--- START ---
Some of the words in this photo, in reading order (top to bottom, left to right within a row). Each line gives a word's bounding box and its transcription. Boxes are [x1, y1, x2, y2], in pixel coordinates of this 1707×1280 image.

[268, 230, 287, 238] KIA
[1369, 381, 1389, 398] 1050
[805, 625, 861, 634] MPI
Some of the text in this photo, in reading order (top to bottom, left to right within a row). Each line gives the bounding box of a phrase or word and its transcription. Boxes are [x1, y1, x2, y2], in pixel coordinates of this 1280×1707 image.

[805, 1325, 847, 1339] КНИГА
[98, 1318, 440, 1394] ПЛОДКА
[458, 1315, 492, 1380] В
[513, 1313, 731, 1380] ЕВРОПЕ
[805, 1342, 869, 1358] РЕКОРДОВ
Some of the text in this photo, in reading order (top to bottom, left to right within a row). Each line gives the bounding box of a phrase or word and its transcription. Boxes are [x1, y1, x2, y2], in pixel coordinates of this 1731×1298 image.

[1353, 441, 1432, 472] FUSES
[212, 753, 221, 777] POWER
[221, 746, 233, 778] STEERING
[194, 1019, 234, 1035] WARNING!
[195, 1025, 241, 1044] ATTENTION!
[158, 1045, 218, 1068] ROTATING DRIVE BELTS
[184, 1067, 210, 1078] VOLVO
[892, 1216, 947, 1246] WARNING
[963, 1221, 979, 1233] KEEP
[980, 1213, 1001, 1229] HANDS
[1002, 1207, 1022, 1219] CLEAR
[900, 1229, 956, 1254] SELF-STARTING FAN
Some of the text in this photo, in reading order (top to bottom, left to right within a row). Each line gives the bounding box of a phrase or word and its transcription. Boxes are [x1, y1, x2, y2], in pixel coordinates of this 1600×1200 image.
--- END ---
EXERCISE INSTRUCTIONS:
In full and without error, transcribe the listing.

TASK SOLUTION:
Some of the words in this photo, in reading order (top to bottom, left to right within a row). Each line gives a word's bounding box and its transcription. Boxes are [x1, y1, x2, y2], in pixel coordinates of this 1707×1280 image.

[268, 230, 287, 238] KIA
[1369, 381, 1389, 398] 1050
[805, 625, 861, 634] MPI
Some of the text in this photo, in reading order (top to bottom, left to right within a row). Each line gives the bounding box of a phrase or word and its transcription. Boxes are [x1, y1, x2, y2], in pixel coordinates of this 1280×1707 image.

[805, 1325, 847, 1339] КНИГА
[98, 1318, 440, 1394] ПЛОДКА
[458, 1315, 492, 1380] В
[513, 1313, 731, 1380] ЕВРОПЕ
[805, 1342, 869, 1358] РЕКОРДОВ
Some of the text in this photo, in reading order (top to bottom, left to right within a row). Each line gives the bounding box of a phrase or word and its transcription. Boxes are [x1, y1, x2, y2], in pixel coordinates of this 1731×1298 image.

[1353, 441, 1432, 472] FUSES
[212, 753, 221, 777] POWER
[221, 746, 233, 778] STEERING
[194, 1019, 234, 1035] WARNING!
[195, 1025, 241, 1044] ATTENTION!
[158, 1045, 218, 1068] ROTATING DRIVE BELTS
[184, 1067, 210, 1078] VOLVO
[892, 1216, 947, 1246] WARNING
[963, 1221, 979, 1233] KEEP
[980, 1213, 1001, 1229] HANDS
[1002, 1207, 1022, 1219] CLEAR
[900, 1229, 956, 1254] SELF-STARTING FAN
Some of the text in this photo, in reading order (top to bottom, left to right within a row). Each line gives the bounding box of a phrase or word and its transcription. Boxes are [x1, y1, x2, y2], in pixel coordinates of this 1600×1200 image.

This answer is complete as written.